Better product mix and JAA to lift earnings. Going into FY19, we believe earnings would pick up on moderating raw material prices and better product mix. The group expanded billet capacity by 60k MT (to 240k MT) and wire rod capacity by 50k MT (to 200k MT) in October 2018, which should lift the sales composition of high-value products to 60-70% in FY19 from 40-50% in FY18. Billets and wire rods command a mark-up/premium of USD120-150/MT and generate additional profit of USD60-80/MT. As such, we believe the new capacities would underpin profit margins and improve earnings by c.5% in FY19. In addition, the completion of Japan Alumina Associates (JAA) acquisition by end-1Q19 should provide a 9-month earnings contribution to the group in FY19, improving earnings by c.3% after considering financing costs. We also believe alumina prices would moderate from the current level of USD405/MT (vs. our assumption of USD370/MT for FY19) in the likely case that Norsk Hydro’s Alunorte plant fully restarts its production facility, lowering PMETAL’s feedstock costs.

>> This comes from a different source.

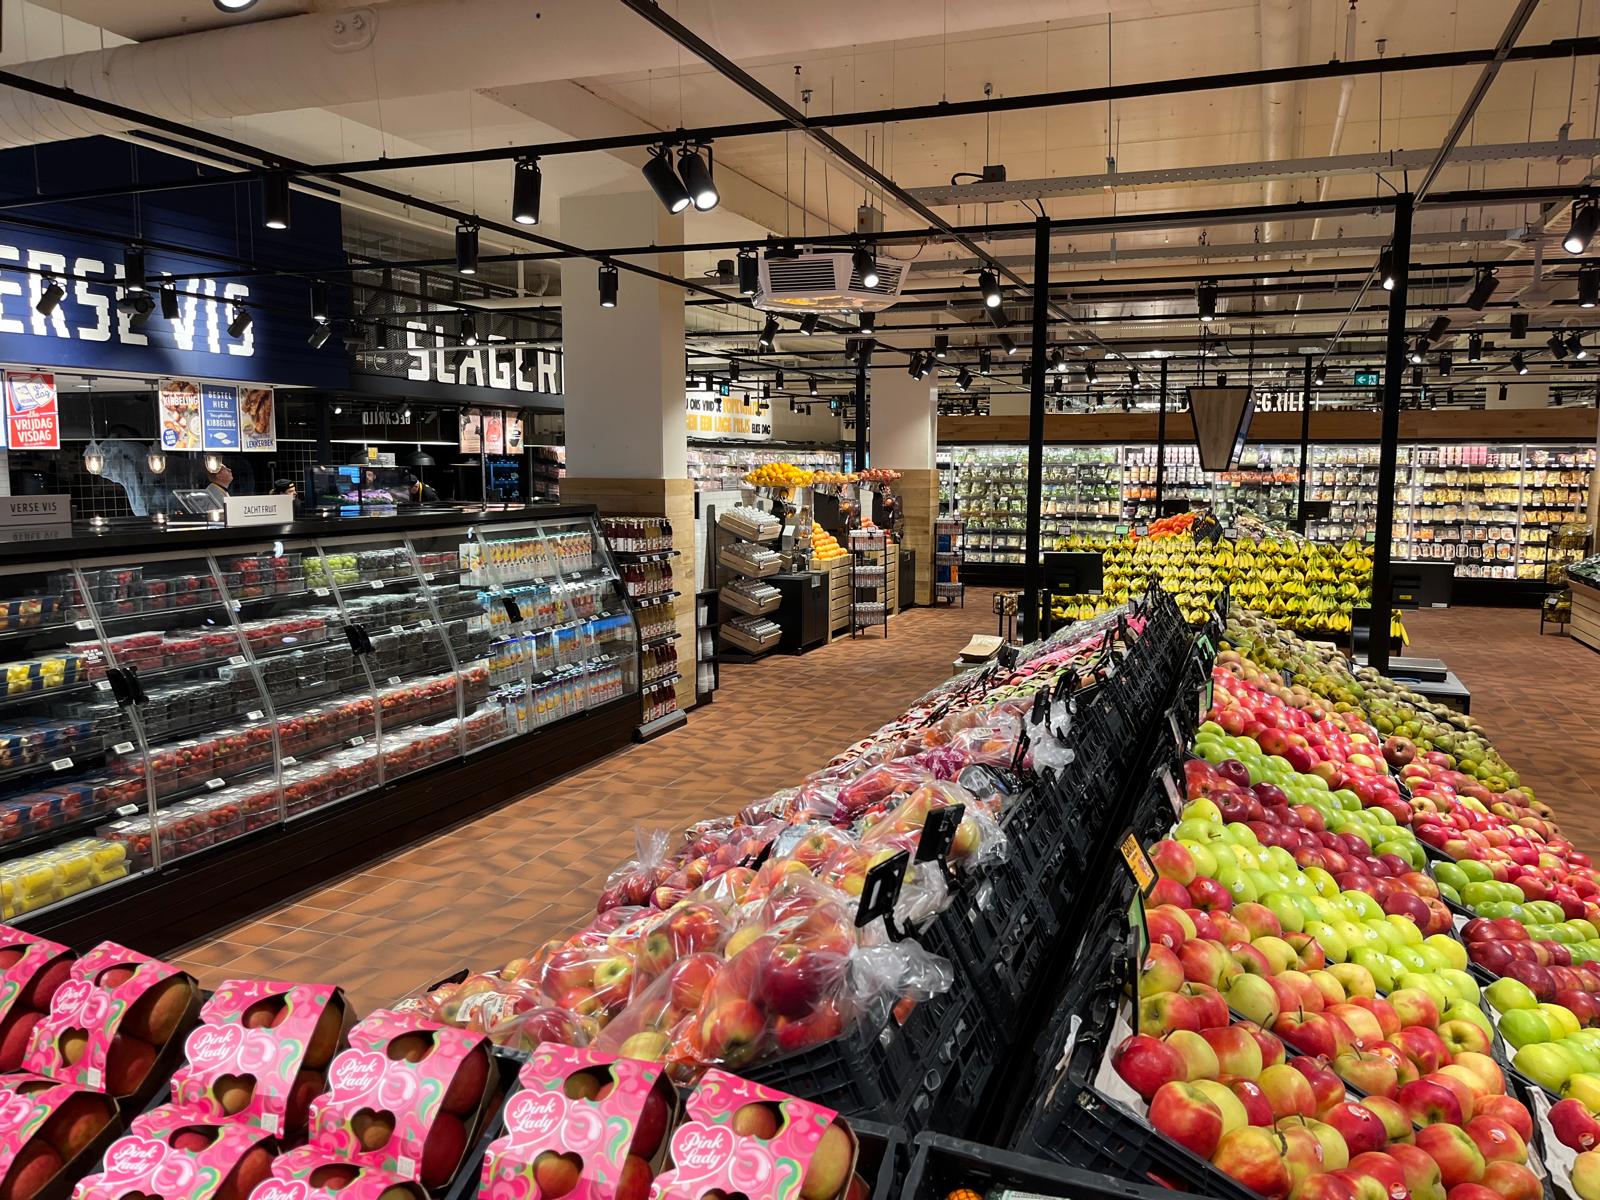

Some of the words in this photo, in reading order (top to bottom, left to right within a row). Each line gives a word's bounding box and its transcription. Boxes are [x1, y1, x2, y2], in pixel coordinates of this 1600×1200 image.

Fine-tune FY19E CNP by 0.1% to RM805m due to housekeeping reasons; and introduce FY20E CNP of RM855m.
Maintain MARKET PERFORM with an unchanged TP of RM4.00, based on an unchanged Fwd. PER of 19.4x (implying +1.0 SD) applied to FY19E EPS of 20.6 sen. The Fwd. PER reflects earnings growth of 27% assuming aluminium ASP of USD2,000/MT in FY19. We continue to like PMETAL for its long-term positive operating outlook and earnings growth potential. However, we believe most of the positives have been priced-in at this juncture.
Risks to our call include sharp rises/falls in aluminium prices and raw material prices as well as major plant disruptions/closure.